**ENTRIES SUPPLIED**.
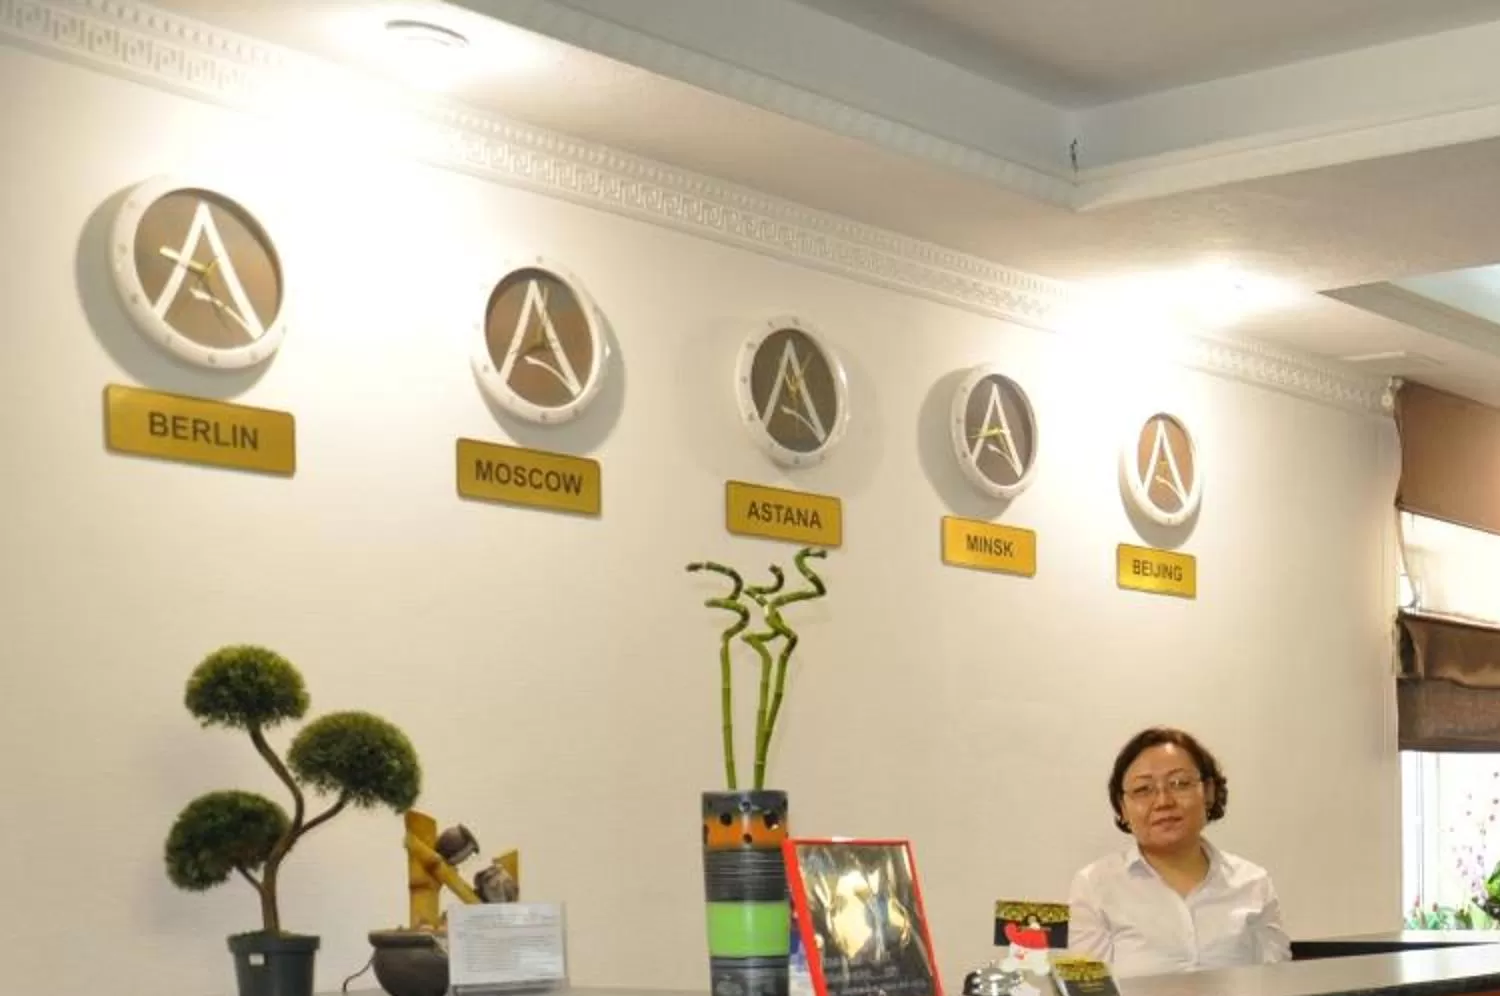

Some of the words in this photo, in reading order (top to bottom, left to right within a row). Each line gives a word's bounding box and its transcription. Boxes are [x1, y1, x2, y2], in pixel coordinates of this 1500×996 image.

[148, 411, 258, 451] BERLIN
[475, 460, 584, 497] MOSCOW
[747, 500, 822, 529] ASTANA
[966, 534, 1013, 557] MINSK
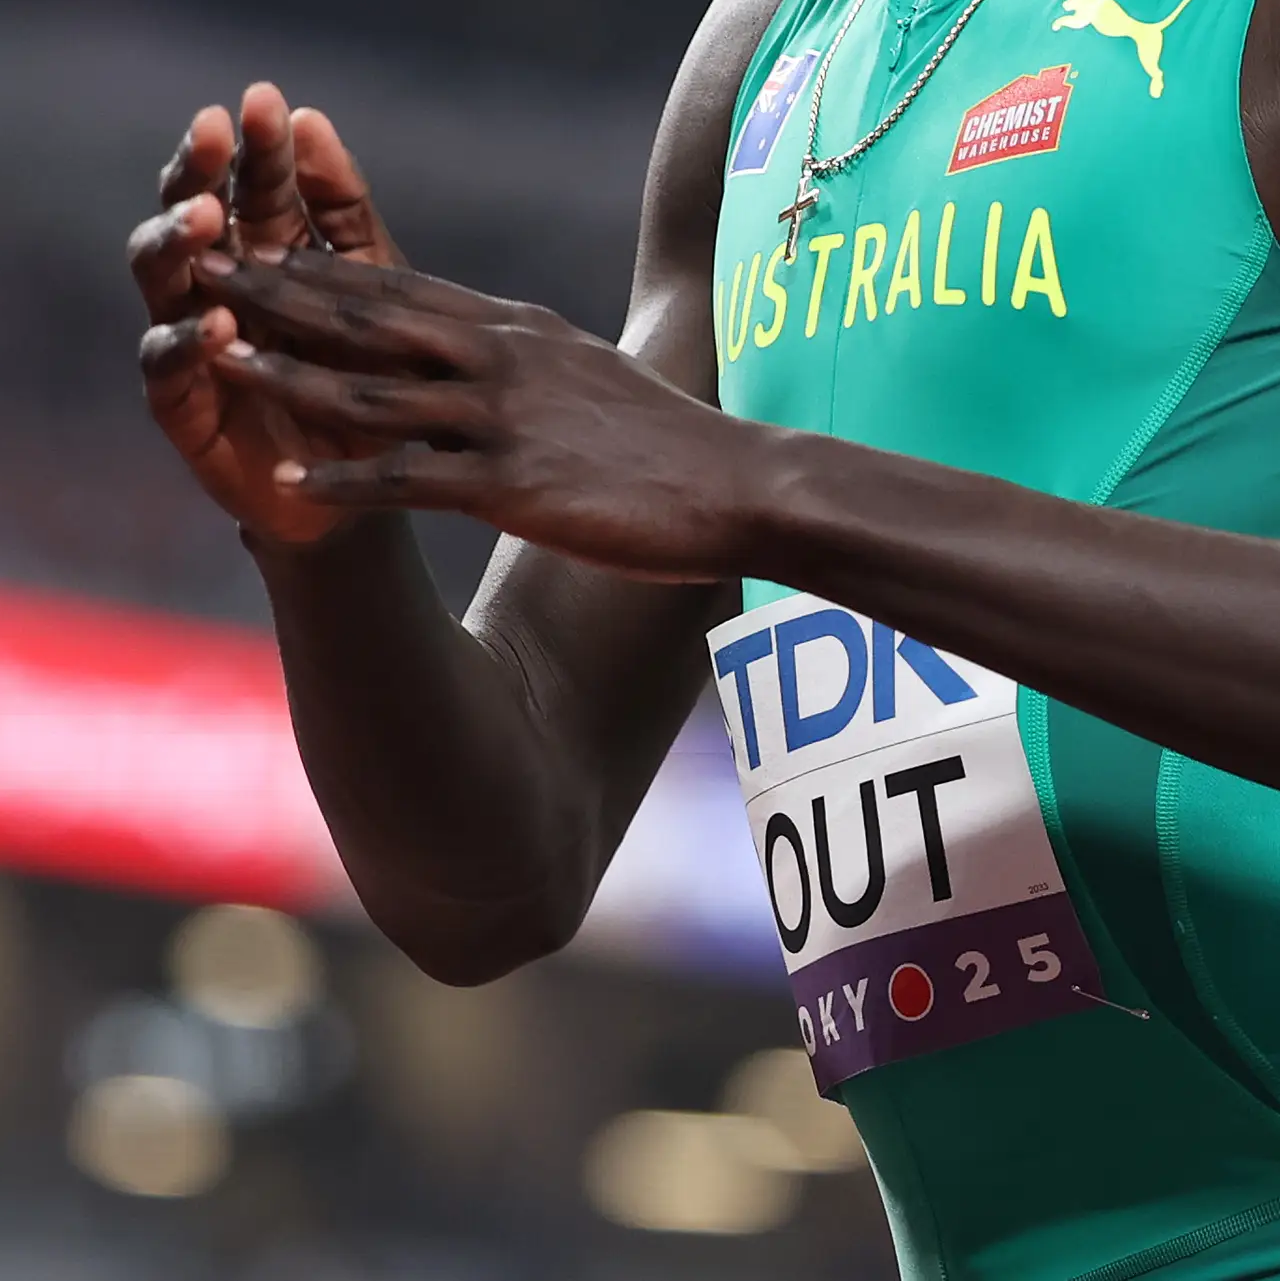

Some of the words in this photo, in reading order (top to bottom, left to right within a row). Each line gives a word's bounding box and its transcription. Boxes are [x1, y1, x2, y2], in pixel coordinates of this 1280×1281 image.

[963, 96, 1062, 143] CHEMIST
[957, 126, 1051, 161] WAREHOUSE
[714, 608, 978, 771] TDK
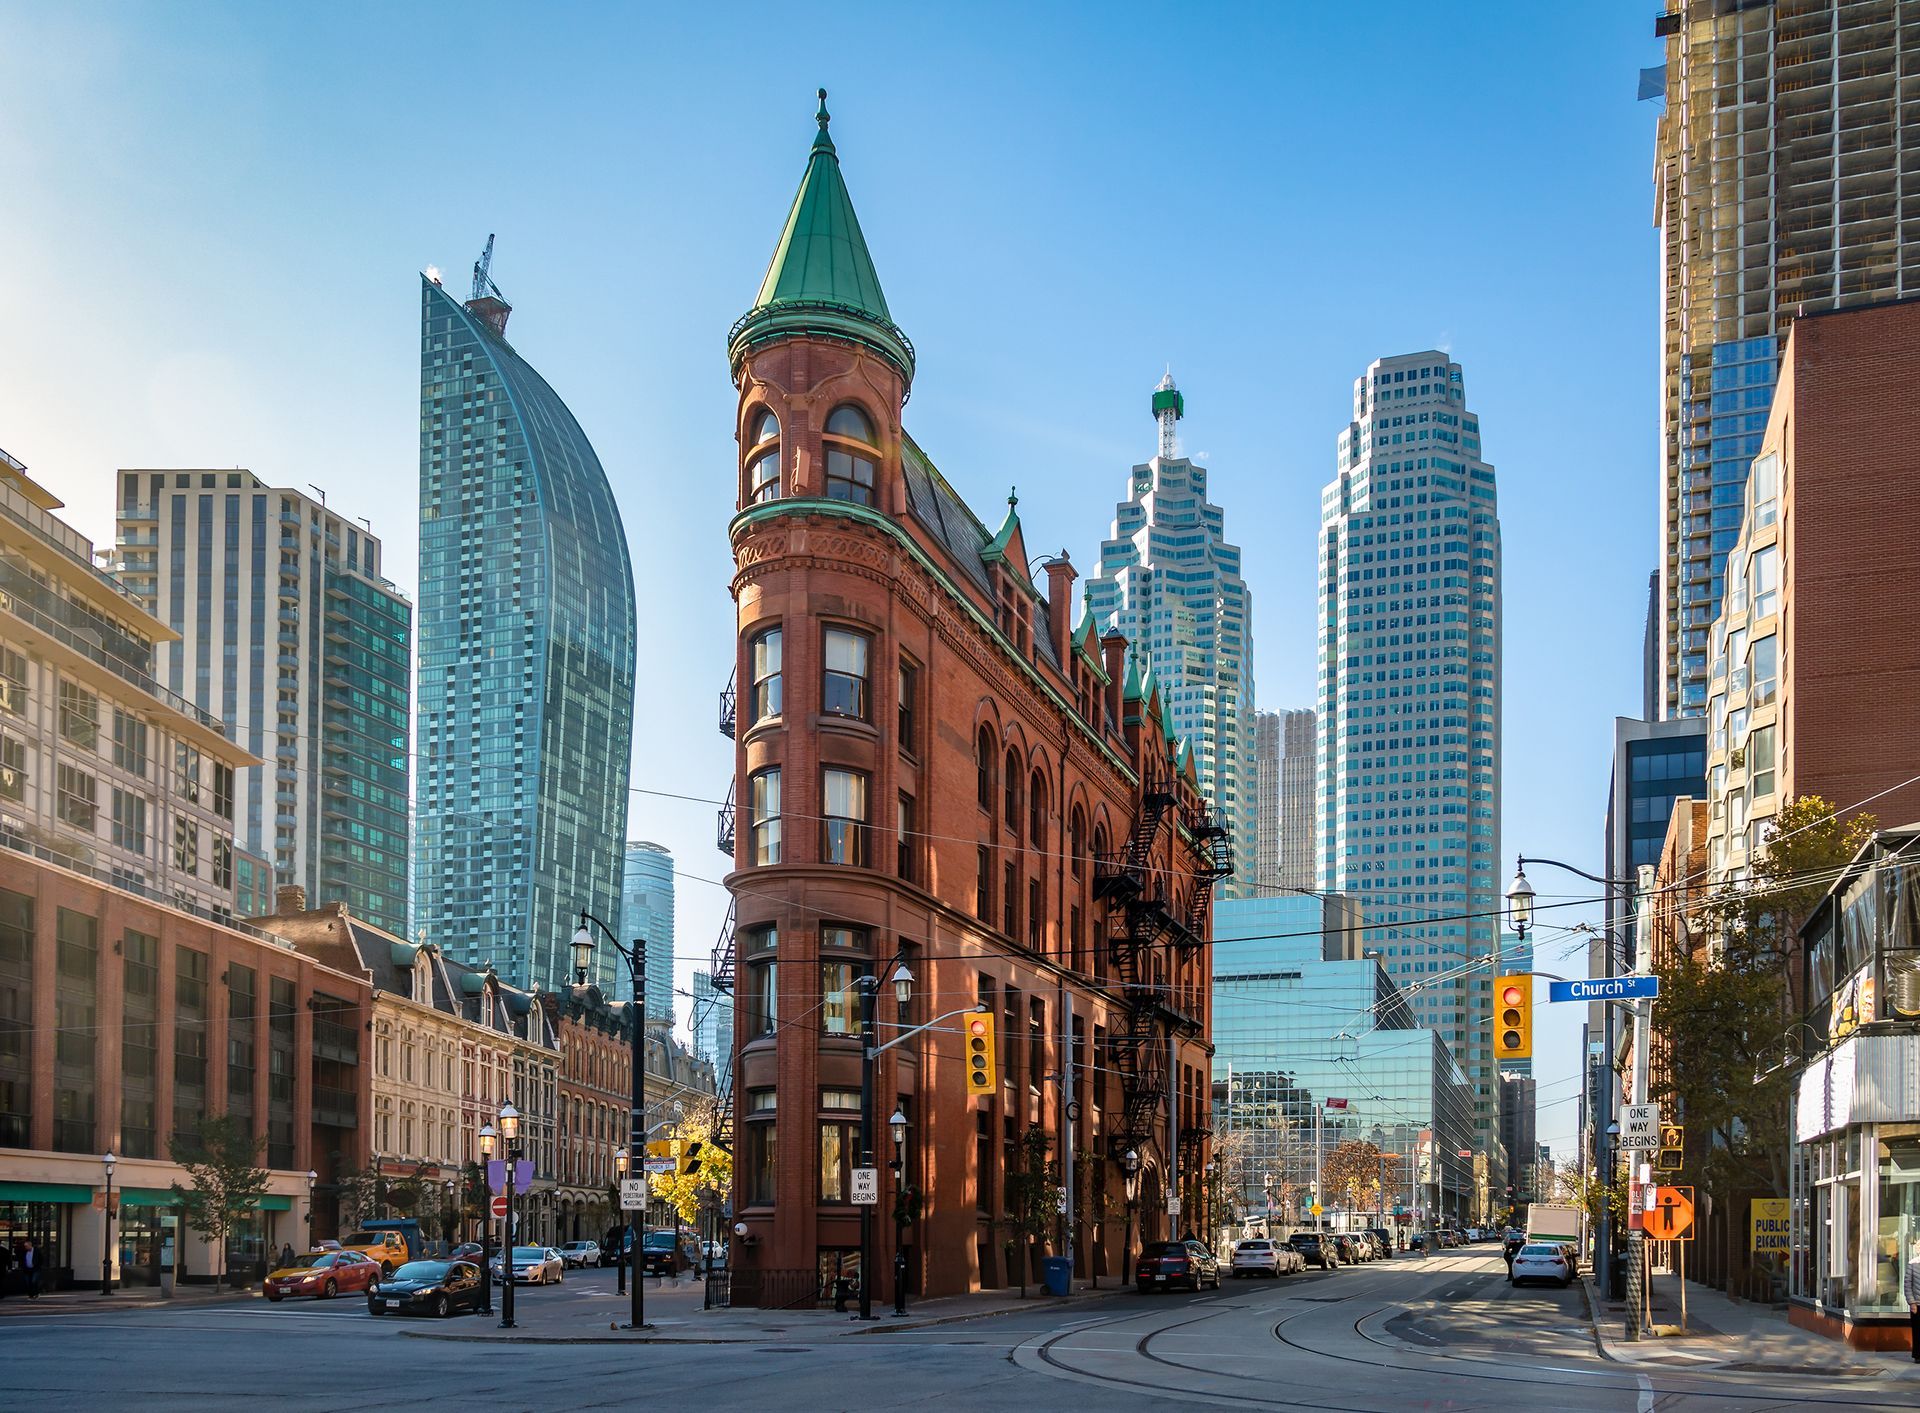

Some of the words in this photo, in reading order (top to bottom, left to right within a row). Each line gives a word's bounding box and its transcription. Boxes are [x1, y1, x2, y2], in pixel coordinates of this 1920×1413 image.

[1570, 980, 1623, 996] Church
[1627, 979, 1636, 987] St
[1629, 1107, 1649, 1119] ONE
[1629, 1121, 1649, 1133] WAY
[1622, 1135, 1657, 1147] BEGINS
[858, 1172, 870, 1180] ONE
[630, 1182, 638, 1191] NO
[1756, 1220, 1790, 1232] PUBLIC
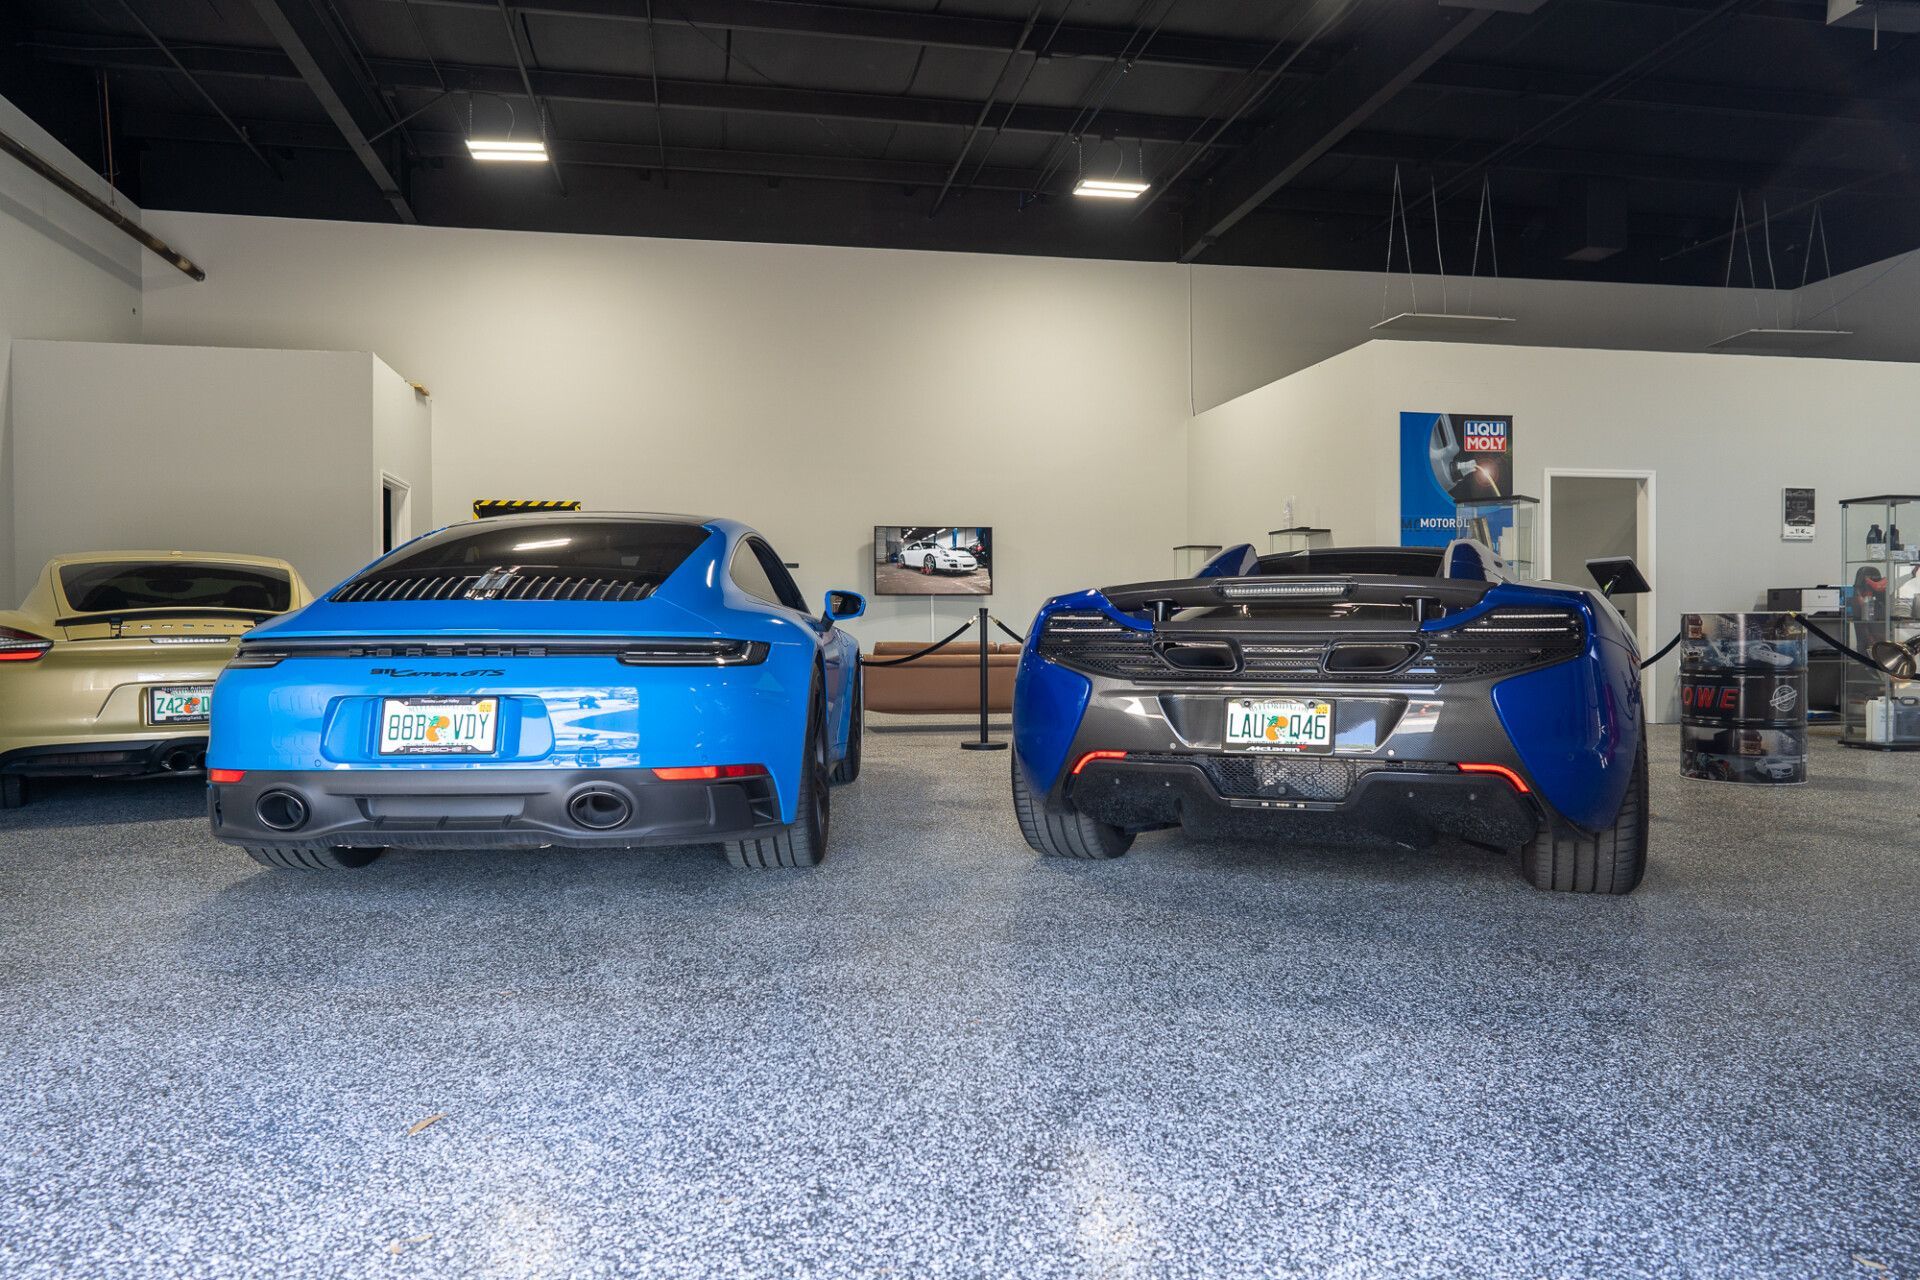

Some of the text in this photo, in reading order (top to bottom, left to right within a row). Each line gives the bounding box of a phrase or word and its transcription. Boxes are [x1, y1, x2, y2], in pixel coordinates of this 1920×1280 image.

**WHAT NEEDS TO BE DONE**.
Word for word, restate each line above, minus its pictures.

**RESPONSE AREA**.
Some of the words in this photo, in reading order (top to bottom, left to right within a row). Each line gives a word's bounding box and its transcription. Boxes are [x1, y1, x2, y2], in pixel coordinates of this 1500×996 image.

[148, 411, 258, 451] BERLIN
[475, 460, 584, 497] MOSCOW
[747, 500, 822, 529] ASTANA
[966, 534, 1013, 557] MINSK

Some of the words in this photo, in reading order (top to bottom, left to right within a row). Each line gives a word's bounding box and its transcription. Boxes are [x1, y1, x2, y2], in pixel coordinates of this 1280×1281 image.

[963, 96, 1062, 143] CHEMIST
[957, 126, 1051, 161] WAREHOUSE
[714, 608, 978, 771] TDK

Some of the words in this photo, in reading order (top to bottom, left to right within a row). Each line gives a word's bounding box and its transcription. Boxes are [x1, y1, x2, y2], in pixel coordinates of this 1920×1413 image.

[1570, 980, 1623, 996] Church
[1627, 979, 1636, 987] St
[1629, 1107, 1649, 1119] ONE
[1629, 1121, 1649, 1133] WAY
[1622, 1135, 1657, 1147] BEGINS
[858, 1172, 870, 1180] ONE
[630, 1182, 638, 1191] NO
[1756, 1220, 1790, 1232] PUBLIC

Some of the text in this photo, in reading order (top to bottom, left to right within a row). Each line gives the bounding box of a phrase or word and its transcription. Boxes are [x1, y1, x2, y2], in pixel coordinates of this 1920×1280 image.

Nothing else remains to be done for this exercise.